Bootstrap confidence intervals for the slope of the regression line is important because it’s a single number that gives a good overview of the relationship between two variables. For instance, we can interpret the above as stating that for an increase of BMI of \(1\), that there’s an increase in Blood Pressure of between \(0.95\) and \(1.52\).

18.14. Bootstrap Confidence intervals for the Conditional Mean#

Confidence intervals for the slope are interesting because the slope provides a great summary for the relationship between two variables. However, we might frequently be interested in predicting the mean of \(Y\) for given \(X\) values. That is we want to find confidence intervals for \(\mu_{Y\mid X}\).

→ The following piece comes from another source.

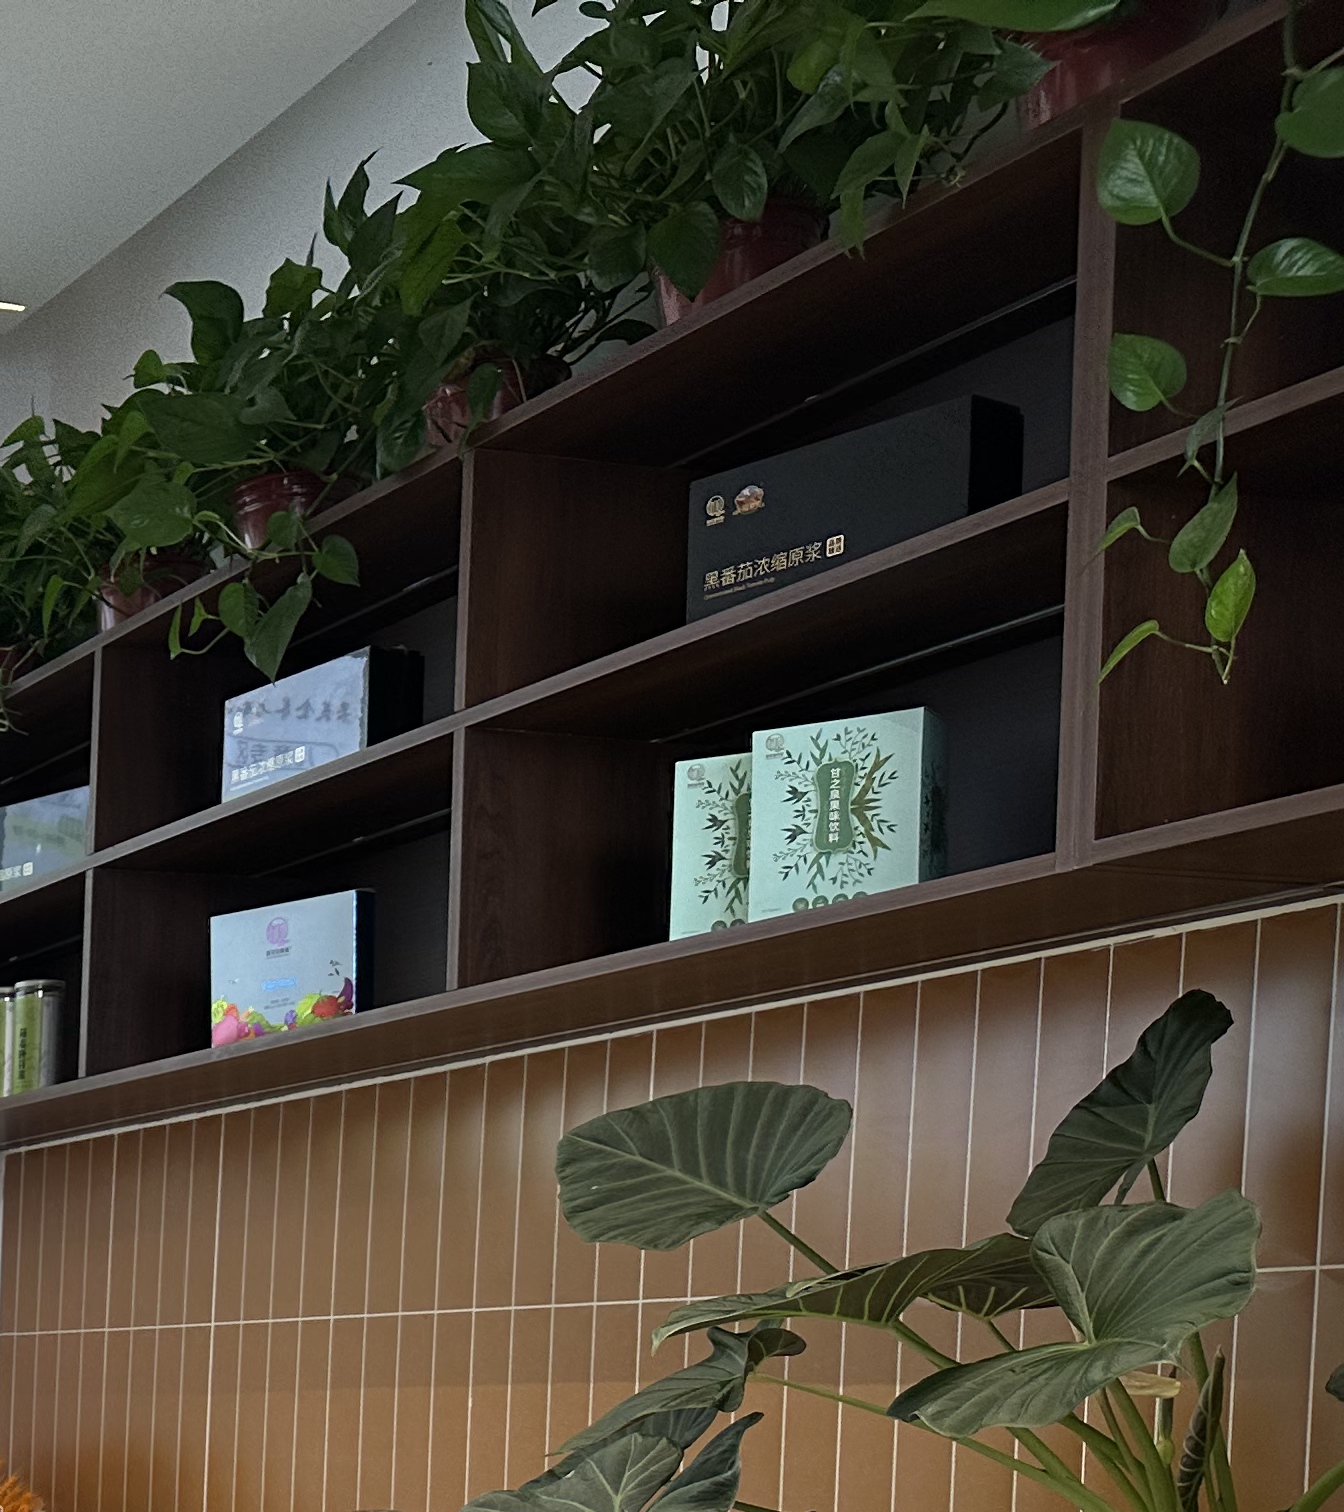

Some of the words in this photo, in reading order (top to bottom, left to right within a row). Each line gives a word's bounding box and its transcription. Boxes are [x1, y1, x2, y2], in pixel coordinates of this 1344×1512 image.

[703, 540, 823, 592] 黑番茄浓缩原浆

Let’s say we want to predict the average Blood Pressure of a diabetes patient with a BMI of \(30\). Here we use the percentile method.

boot_dist =[]
np.random.seed(121)
for i in range(1000):
    # single bootstrap resample
    boot = diabetes.sample(len(diabetes),replace=True)
    # compute bootstrap statistic
    boot_line = ols(boot["BMI"],boot["BP"])
    #store output of regression line.
    boot_dist.append(boot_line[0]*30+boot_line[1])
    
l0 = np.percentile(boot_dist,2.5)
u0 = np.percentile(boot_dist,97.5)

print("95% CI for average BP with BMI of 30 is ",l0,u0)
95% CI for average BP with BMI of 30 is  97.45479859582112 100.79594533746324

Frequently we might want to graph the CI for \(\mu_{Y\mid X}\) as \(X\) changes. To do this efficiently this we will bootstrap a bunch of regression lines, then to find the confidence intervals we’ll evaluate them and then find the percentiles.

boot_lines =[]

np.random.seed(121)
for i in range(1000):
    # single bootstrap resample
    boot = diabetes.sample(len(diabetes),replace=True)
    # compute bootstrap statistic
    boot_line = ols(boot["BMI"],boot["BP"])
    #store the regression line
    boot_lines.append(boot_line)
    

boot_lines = np.array(boot_lines)
#evaluate all of the lines 
#To evaluate these lines efficiently, we can use multidimensional array slices
#This line evaluates all of the lines at a bmi of 30.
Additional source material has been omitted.